Your copy should match the records exactly, except that it contains no pictures.

Image-backed grounding data
::::

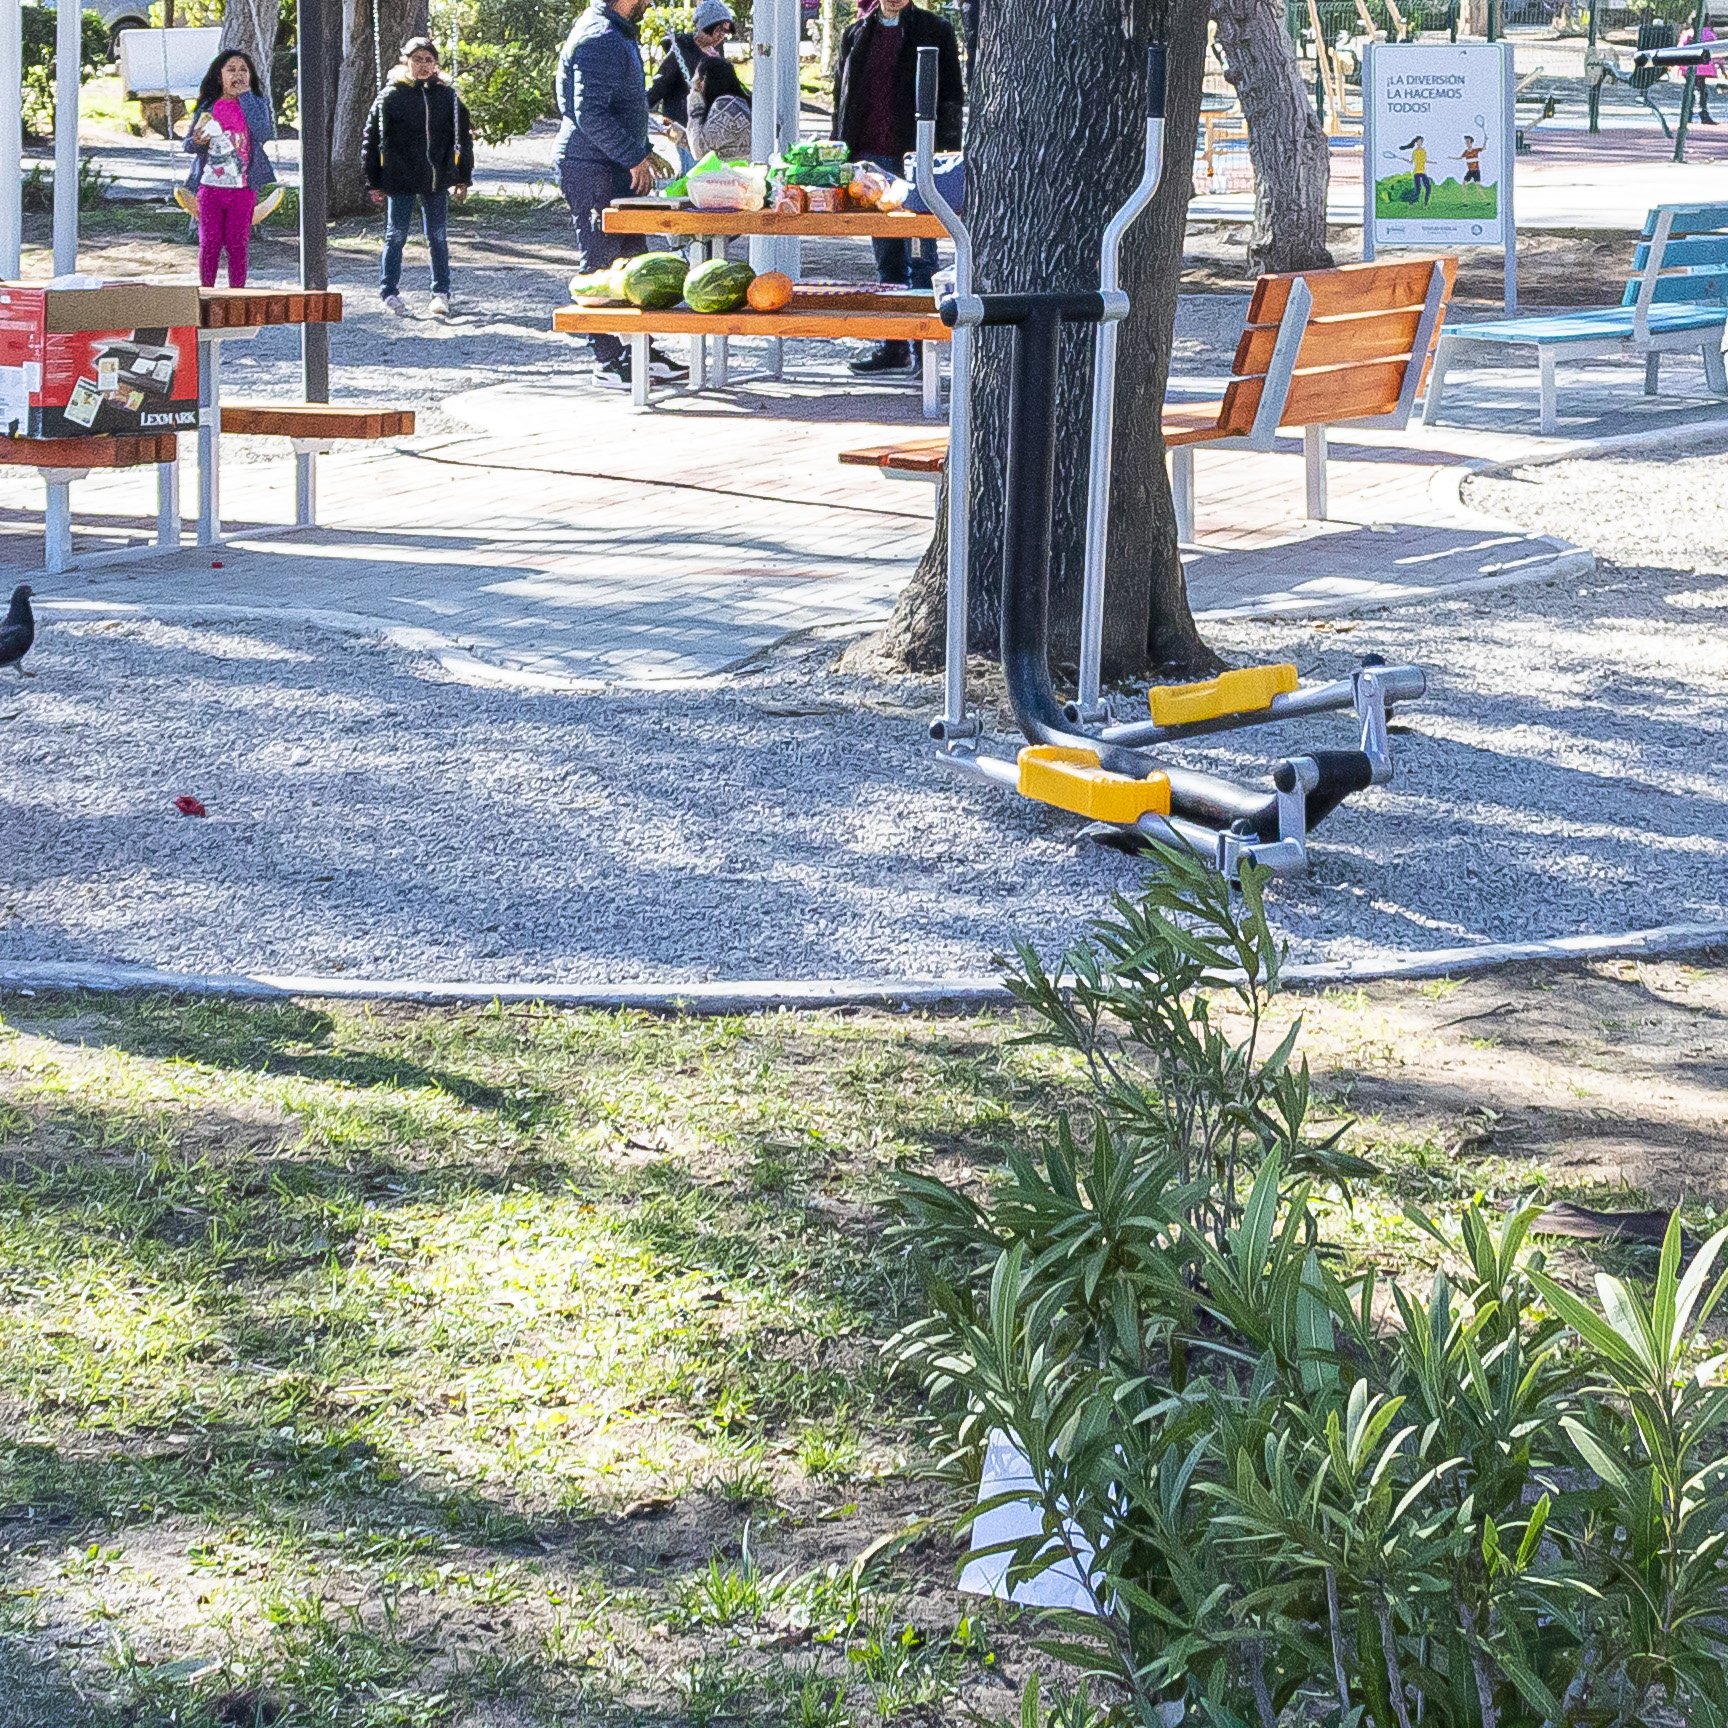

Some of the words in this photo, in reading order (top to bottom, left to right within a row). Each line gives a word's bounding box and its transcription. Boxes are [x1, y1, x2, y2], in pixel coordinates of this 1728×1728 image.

[1406, 73, 1465, 85] DIVERSIÓN
[1387, 88, 1402, 99] LA
[1404, 88, 1463, 99] HACEMOS
[1387, 102, 1431, 112] TODOS!
[140, 411, 197, 426] LEXMARK
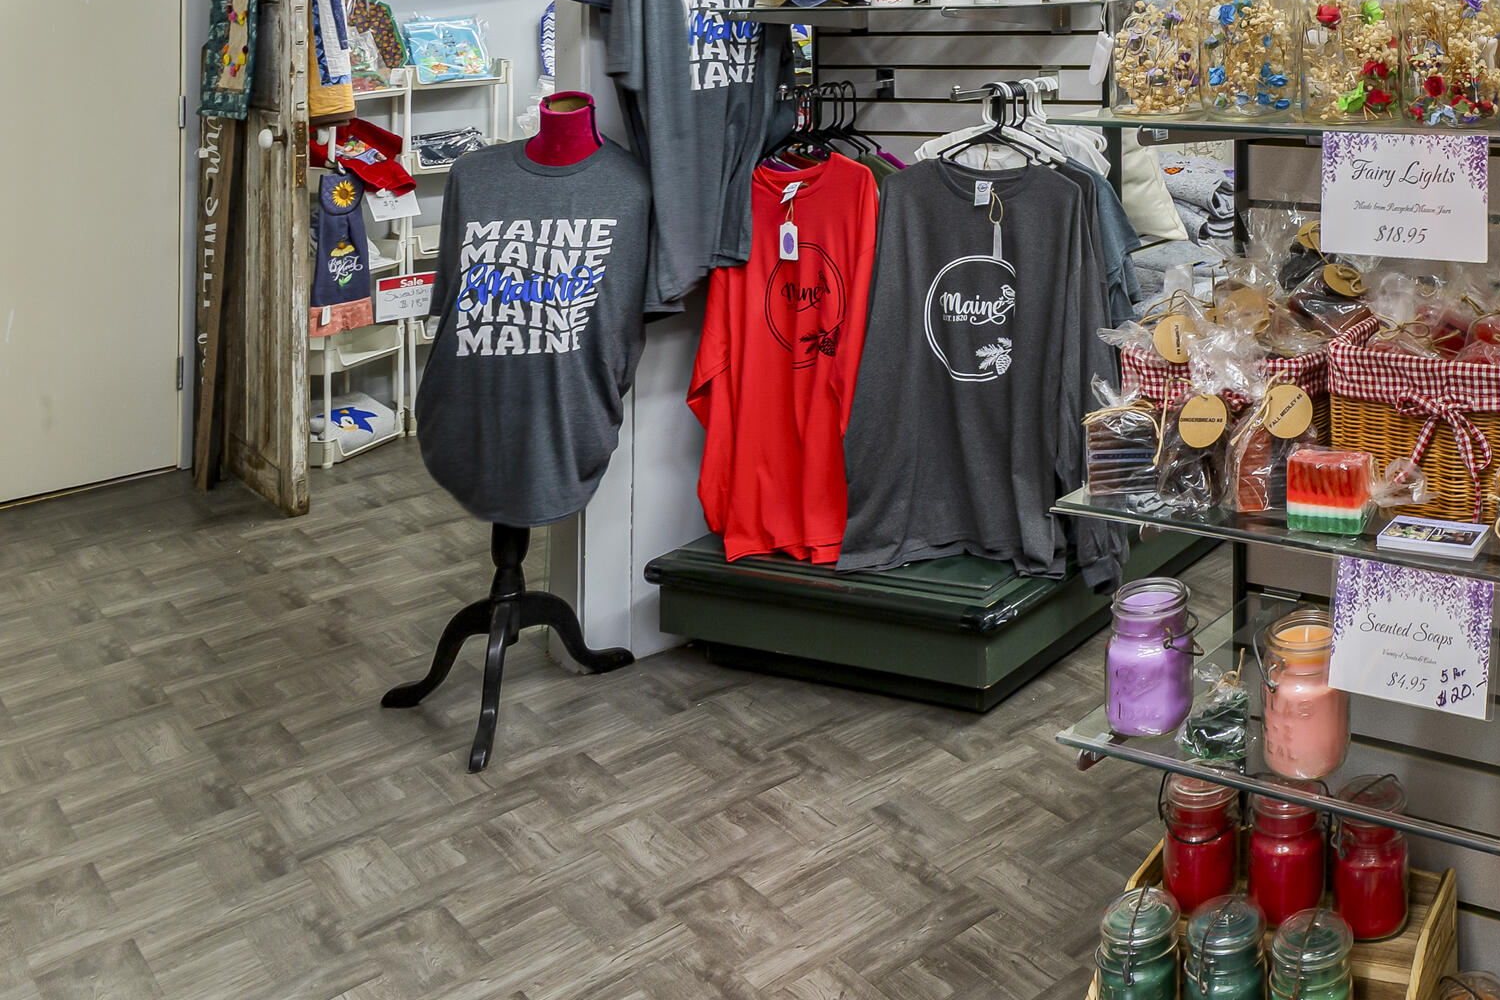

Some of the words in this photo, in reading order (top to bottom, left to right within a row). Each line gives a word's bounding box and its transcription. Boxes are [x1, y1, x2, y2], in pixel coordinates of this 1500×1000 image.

[1351, 158, 1397, 189] Fairy
[1398, 160, 1456, 190] Lights
[462, 218, 618, 248] MAINE
[1373, 225, 1429, 245] $18.95
[460, 240, 612, 279] MAINE
[400, 277, 424, 289] Sale
[456, 263, 605, 312] Maine
[456, 297, 596, 332] MAINE
[939, 291, 1005, 325] Maine
[952, 313, 968, 322] 1820
[1269, 416, 1281, 429] FALL
[1279, 399, 1298, 418] MEDLEY
[1359, 612, 1413, 637] Scented
[1413, 622, 1454, 651] Soaps
[1386, 671, 1429, 693] $4.95
[1440, 668, 1449, 684] 5

::::

### Exercise response
Some of the words in this photo, in reading order (top to bottom, left to right within a row). Each line gives a word's bounding box and its transcription. Boxes are [x1, y1, x2, y2], in pixel coordinates of this 1728×1728 image.

[1406, 73, 1465, 85] DIVERSIÓN
[1387, 88, 1402, 99] LA
[1404, 88, 1463, 99] HACEMOS
[1387, 102, 1431, 112] TODOS!
[140, 411, 197, 426] LEXMARK

Some of the words in this photo, in reading order (top to bottom, left to right within a row). Each line gives a word's bounding box and its transcription. Boxes are [x1, y1, x2, y2], in pixel coordinates of this 1500×1000 image.

[1351, 158, 1397, 189] Fairy
[1398, 160, 1456, 190] Lights
[462, 218, 618, 248] MAINE
[1373, 225, 1429, 245] $18.95
[460, 240, 612, 279] MAINE
[400, 277, 424, 289] Sale
[456, 263, 605, 312] Maine
[456, 297, 596, 332] MAINE
[939, 291, 1005, 325] Maine
[952, 313, 968, 322] 1820
[1269, 416, 1281, 429] FALL
[1279, 399, 1298, 418] MEDLEY
[1359, 612, 1413, 637] Scented
[1413, 622, 1454, 651] Soaps
[1386, 671, 1429, 693] $4.95
[1440, 668, 1449, 684] 5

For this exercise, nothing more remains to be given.